The whole listing below is to be copied exactly, with every picture left out.
··· Given records ···
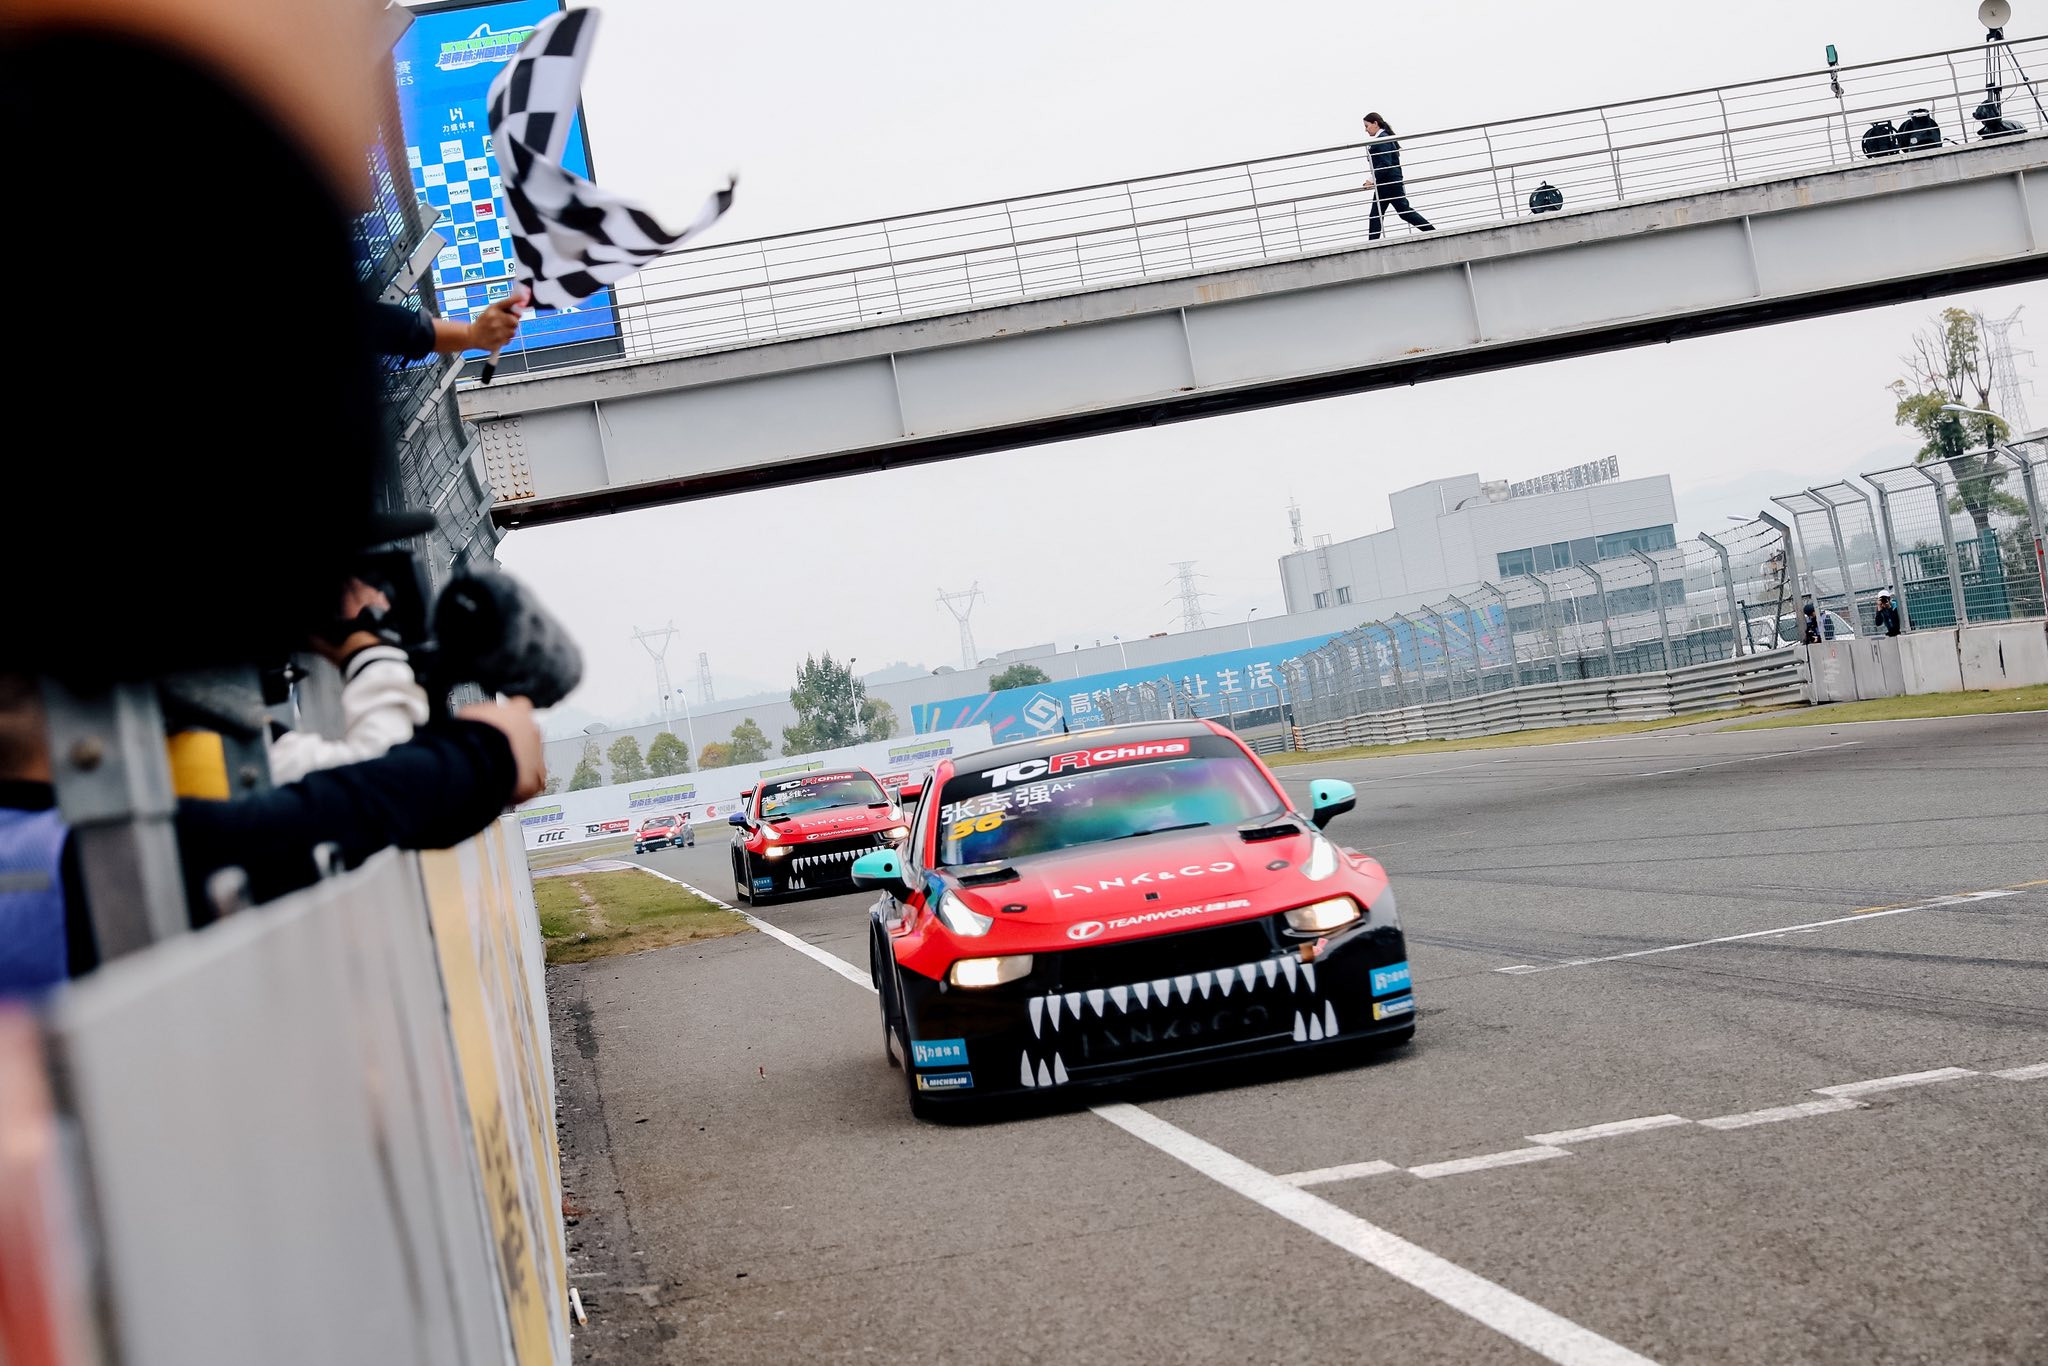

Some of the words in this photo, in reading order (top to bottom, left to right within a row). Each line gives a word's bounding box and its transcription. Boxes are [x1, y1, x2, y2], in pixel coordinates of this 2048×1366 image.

[443, 121, 475, 133] 力盛体育
[981, 749, 1091, 788] TCR
[1092, 742, 1185, 762] China
[941, 783, 1052, 826] 张志强
[1052, 781, 1076, 794] A+
[538, 830, 566, 843] CTCC
[947, 811, 1004, 841] 36
[1053, 861, 1235, 899] LYNK&CO
[1107, 904, 1203, 929] TEAMWORK
[929, 1077, 967, 1087] MICHELIN
···
*Exercise solution*
Some of the words in this photo, in reading order (top to bottom, left to right within a row). Each line gives a word's bounding box and its transcription. Boxes are [x1, y1, x2, y2], in pixel coordinates of this 2048×1366 image.

[443, 121, 475, 133] 力盛体育
[981, 749, 1091, 788] TCR
[1092, 742, 1185, 762] China
[941, 783, 1052, 826] 张志强
[1052, 781, 1076, 794] A+
[538, 830, 566, 843] CTCC
[947, 811, 1004, 841] 36
[1053, 861, 1235, 899] LYNK&CO
[1107, 904, 1203, 929] TEAMWORK
[929, 1077, 967, 1087] MICHELIN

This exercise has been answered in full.